Николай Полетаев всех нас пригласил в соавторы, хотя и честно предупредил:


Перо, резец и кисть не в силах 

Весь мир огромный охватить, 

Который бьется в этих жилах 

И в этой голове кипит. 

Глаза и мысль нерасторжимы, 

А кто так мыслию богат, 

Чтоб передать непостижимый 

Века пронизывающий взгляд?

Я до сих пор не могу, говоря об этом стихотворении, разъять его на части, сделать его предметом литературоведческого разбора. Оно мне видится одной строкой.

А вместилась в ней – и история, и философия, и поэтика, и вся наша любовь к Ленину.

Есть народные песни, состоящие только из одной музыкальной фразы. Дойдя к нам через напластование времен, они живут с нами от рожденья до смерти. Такое стихотворение еще при жизни Ильича подарил нам Николай Гаврилович Полетаев.

Встреча с Корниловым

Ты не уйдешь, моя сосновая, 

моя любимая страна! 

Когда-нибудь, но буду снова я 

бросать на землю семена.

Эти строки написаны поэтом, имя которого связано с нашей комсомольской юностью. В зрелые годы мы не часто встречались с его книгами. Но он всегда был с нами, с своей глубокой верой в счастливую советскую звезду и яростной ненавистью ко всем, кто хотел бы потушить или хотя бы приуменьшить ее свет.

Любовь и ненависть – вот две исходные позиции в творчестве Бориса Корнилова, две силы, питавшие его вдохновение.

Перечитаем его стихи, и в лицо нам ударит ветер нашей юности, проведенной у костров Комсомольска-на-Амуре, на лесах первой домны Магнитки, вновь ощутим запах бессонных ночей, которые коротали в пограничных дозорах.

Ветер юности – великий непоседа. Он настоян романтикой, устремлен к открытиям и поэтому всегда свеж.

В этом – одно из объяснений, почему стихи Корнилова находят прямую дорогу к сердцу молодежи, получают такой же отзвук, который получал у нас, вступивших в комсомол в конце двадцатых и начале тридцатых годов.

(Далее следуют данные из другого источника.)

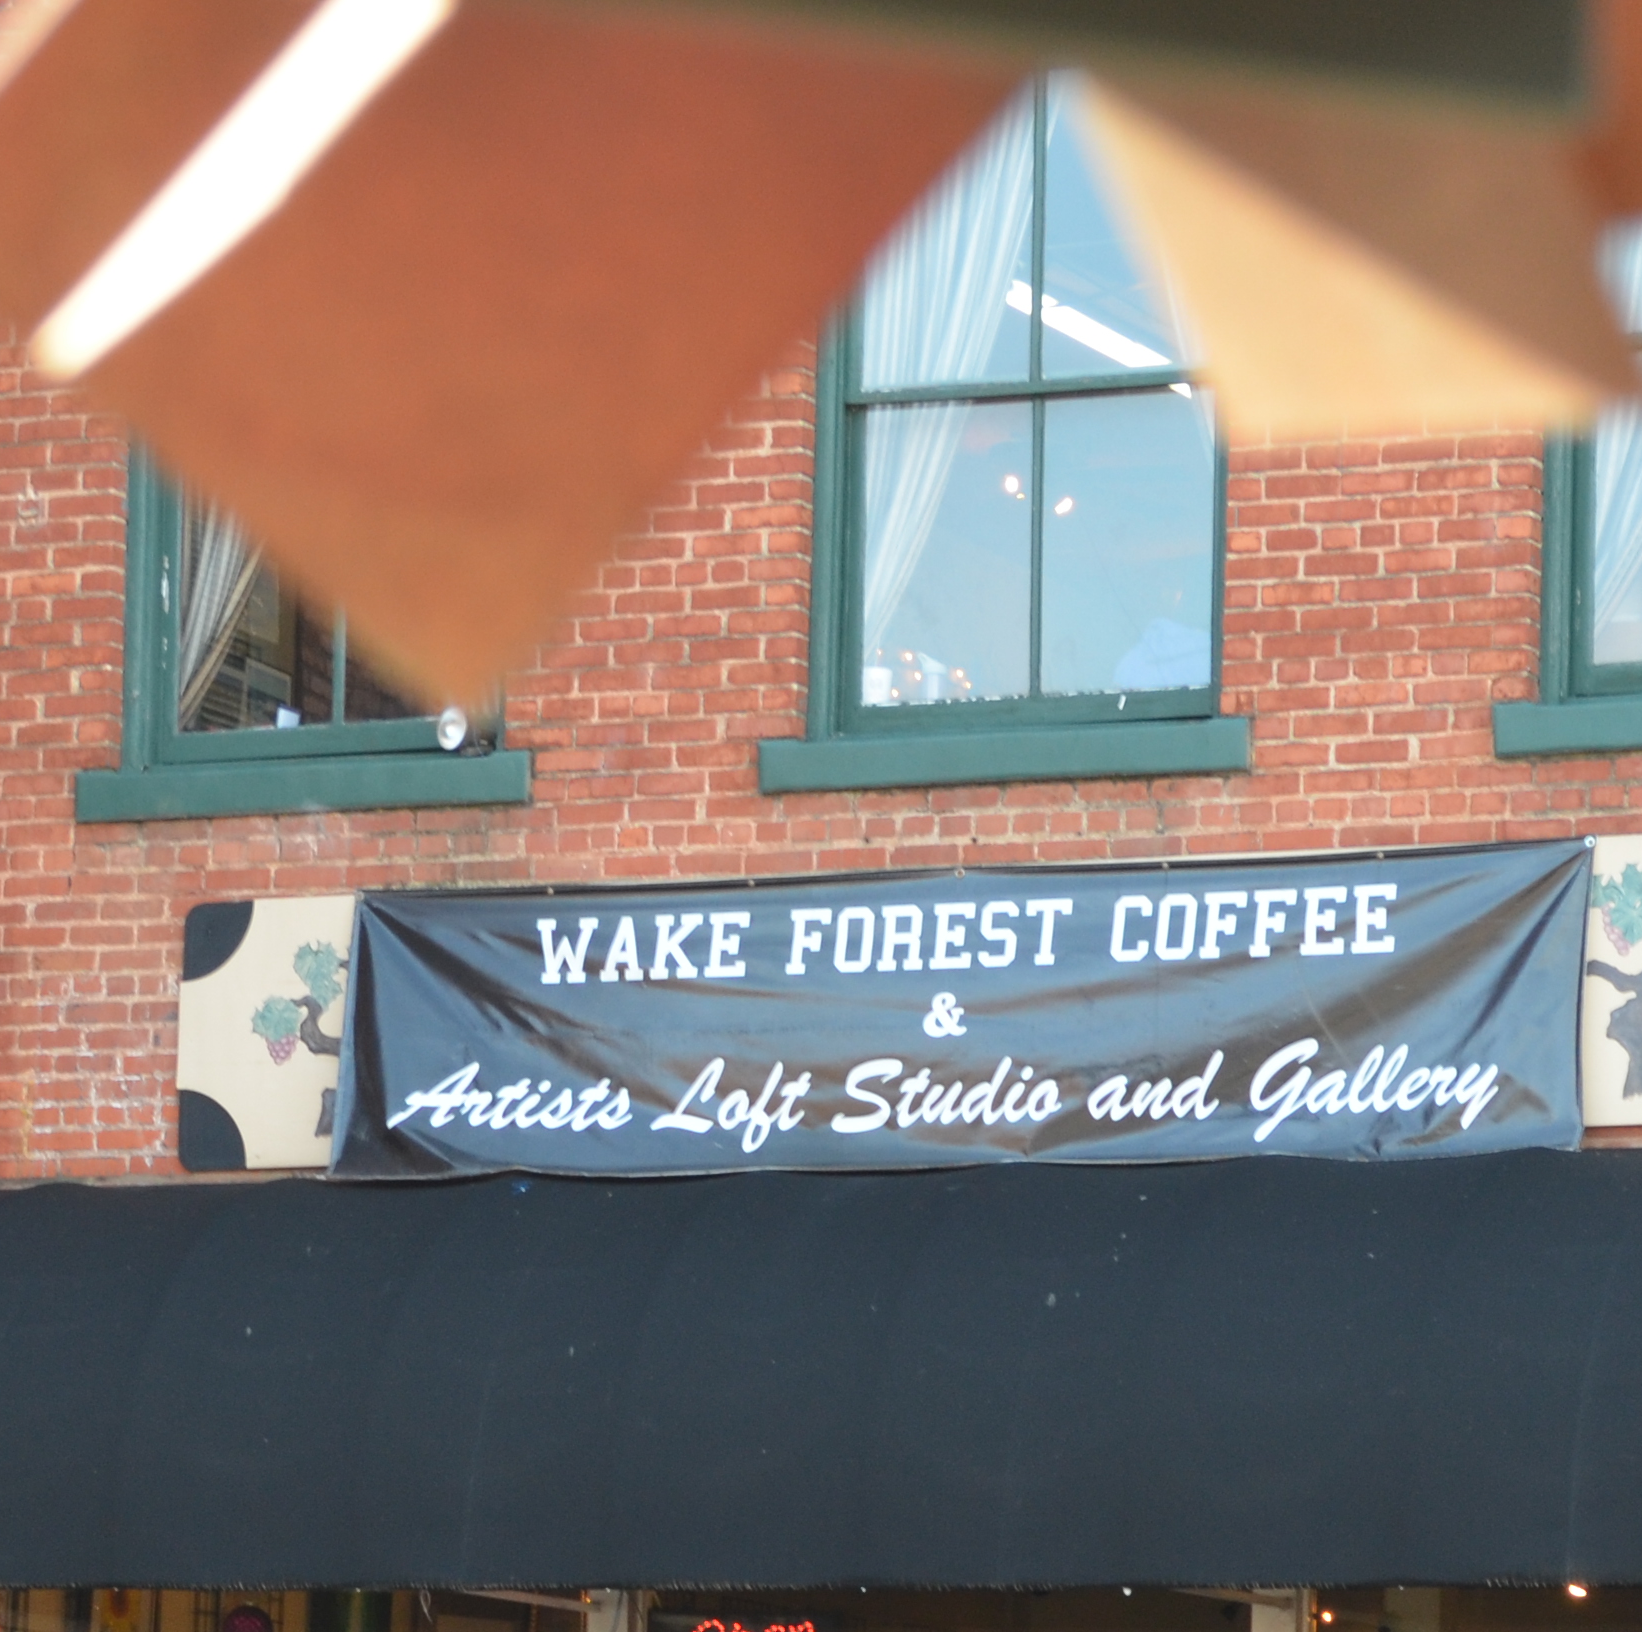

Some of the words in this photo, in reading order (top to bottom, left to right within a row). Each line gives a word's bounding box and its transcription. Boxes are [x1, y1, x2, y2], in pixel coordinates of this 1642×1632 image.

[536, 911, 751, 985] WAKE
[784, 898, 1074, 976] FOREST
[1109, 883, 1398, 963] COFFEE
[922, 991, 968, 1038] &
[386, 1061, 634, 1132] Artists
[650, 1056, 813, 1154] Loft
[830, 1055, 1062, 1134] Studio
[1086, 1049, 1225, 1122] and
[1248, 1037, 1499, 1143] Gallery

Строители и лесорубы, ткачихи и литейщики и сегодня поют песню Б. Корнилова:


Не спи, вставай, кудрявая! 

В цехах звеня, 

Страна встает со славою 

Навстречу дня.

Почти четыре десятилетия назад, окрыленные музыкой Дмитрия Шостаковича, эти слова слетели с экрана, чтобы обрести жизнь на площадях и улицах наших городов и сел, вечную прописку в сердцах советских людей.

Я не был знаком с Корниловым, но видел и слышал его дважды – в Доме печати, на Фонтанке, и у нас в Ленинградском Коммунистическом институте журналистики.

Студенты любили Корнилова. Он отвечал им тем же.

Однако устроители нашего институтского вечера, как мне казалось, с опаской поглядывали на гостя: как бы он не выкинул какое-нибудь коленце.

Но Корнилов – коренастый, широкоплечий, с острыми из-под чуть припухших век глазами – сидел спокойно на сцене, ожидая своей очереди. Когда назвали его фамилию, он встал, сделал несколько широких, хорошо рассчитанных шагов вперед и остановился у самой рампы.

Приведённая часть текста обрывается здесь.